|No fashionistas here. Just a mom and her little girl,|
riding their bikes, making it looks simple and easy.
You may have heard it before, that if you want to sell something to the masses, you first have to sell it to women. An article about selling to women, available here, notes that women are responsible for at least 85% of consumer purchases in their household. So it seemingly goes without saying that if you want to increase the modal share in North American cities, like Vancouver, you need to make riding a bike look accessible, affordable and, most of all, safe to women.
Women are visual creatures, much more so then men, so when we're out and about in the city, we're taking everything in, and that includes people on bikes. Just yesterday, while out on our group ride, I recall myself noticing nearly every person we passed on a bike, and you want to know which ones stood out for me? The ones dressed in their everyday clothes, smiling and enjoying a ride along the seawall. Ok, so maybe I'm a bit biased, because I'm noticing people that look like me. But isn't that just the point?
When I'm out riding my bike, or doing anything for that matter, I don't want to feel like the only one at the party. As a woman riding a bike in my everyday clothes, I see every strange look I get from passersby dressed in cycling specific clothing. I know that a lot of what my family and I do makes us part of a smaller group. From the food we eat, to the way we commute and much more, so it makes me very happy to see people like me on a bike.
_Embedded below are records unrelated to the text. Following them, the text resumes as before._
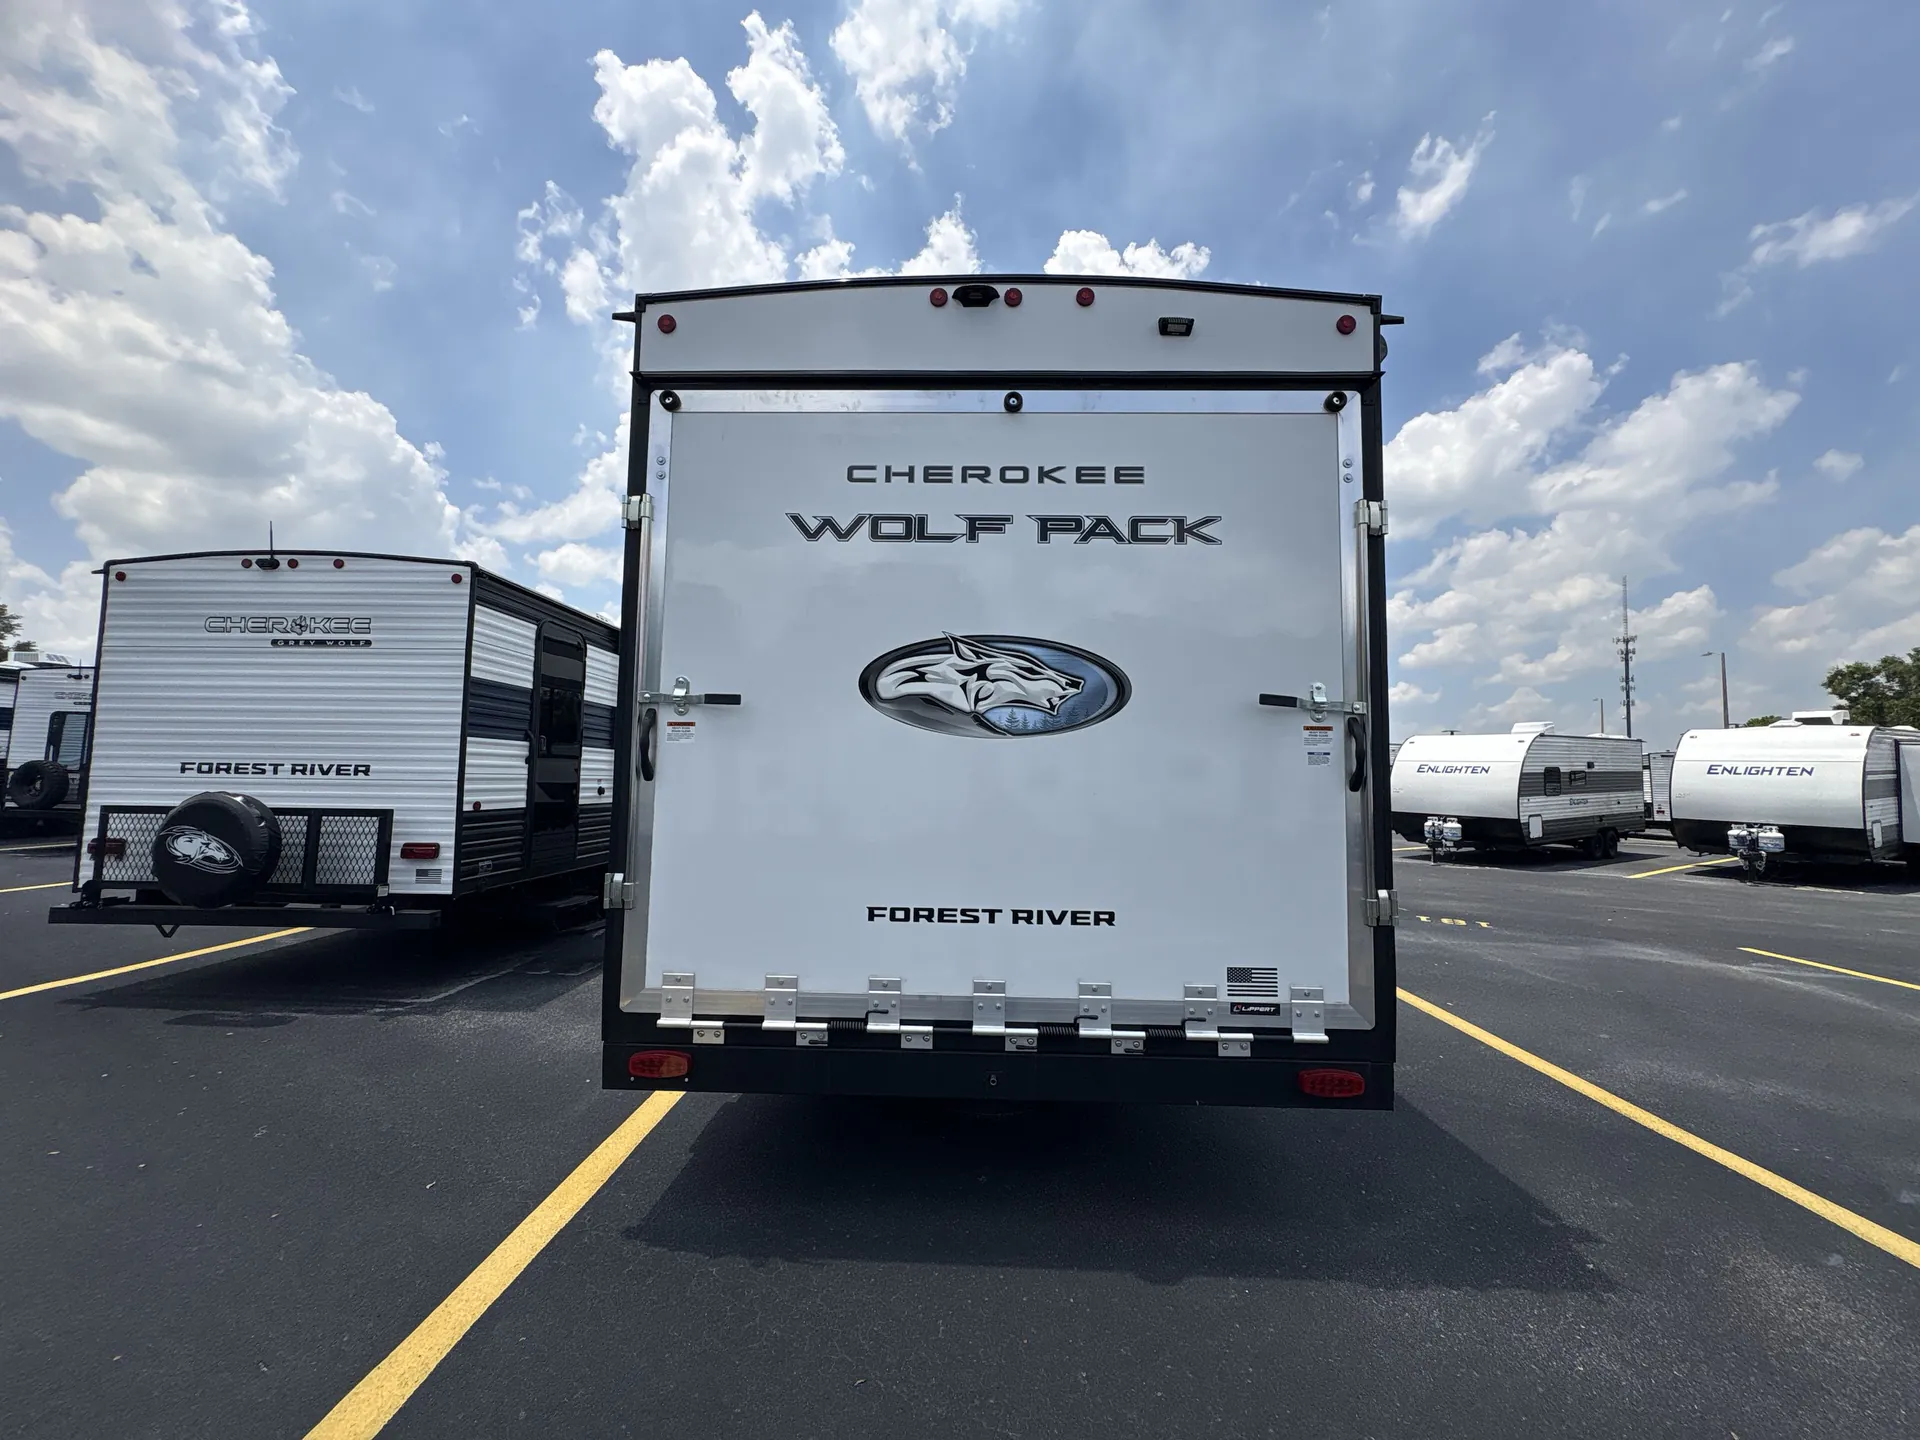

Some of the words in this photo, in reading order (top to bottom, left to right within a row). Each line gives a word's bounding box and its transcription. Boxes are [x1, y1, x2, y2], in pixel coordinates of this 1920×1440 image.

[847, 465, 1145, 484] CHEROKEE
[785, 512, 1013, 543] WOLF
[1026, 514, 1222, 545] PACK
[180, 762, 285, 775] FOREST
[290, 764, 371, 776] RIVER
[866, 906, 1003, 924] FOREST
[1010, 909, 1116, 926] RIVER
So, back to the point made that Cycle Chic promotes a shallow ideal. What's important is to look past the initial image and understand the idea behind it. No one, not even members of the Cycle Chic worldwide community, wants to stop people that already ride bikes from doing it. What the intention is is to show the average person who maybe only rides occasionally along a waterfront, or has never thought of a bicycle as a viable means of transportation, that all they need is a bike that doesn't have to cost a fortune, and the clothes in their closet.
Further to that, women, who currently make up a dismal 24% of all cyclists in the US (couldn't find Canadian stats), need some positive imagery to make them consider cycling as a safe, accessible and viable option for commuting. In my opinion, I feel that showing men, women, children and families riding bikes in their everyday attire is one of the best ways to achieve that. There is a huge lack of that in marketing materials, but it is growing, slowly but surely. Until bike and bike accessory companies catch on, though, the best form of advertising is seeing people in your city doing it; people just like you.
Which was the point my husband was trying to make. We're not telling people to do away with their gear if they don't want to, or to ride slower. Ride however you want in whatever you want. BUT, if you do want to make a quick jaunt to the corner store, maybe leave the bright yellow coat at home. Or, if a female (or male) friend is considering trying out riding a bike to work, try not to intimidate them by telling them they have to buy a sporty, lightweight hybrid or a drop hundreds of dollars on gear at bike shops to do it. It is just as acceptable for them to go buy a used or vintage bike for less, and ride in what they would wear to walk, take transit or drive.
In the end, we all want more people on bikes, no matter what we wear or ride; for health, the environment, or just for the sheer pleasure of doing it. If you want to wear all the specialized gear, buy a lightweight bike, and ride fast, then by all means, do it. Just understand what we're trying to do, too. It's not shallow, and we're not all fashionistas. We're just a family that would rather ride our bikes, and want to encourage more people, especially a cautiously curious lady, to do it, too!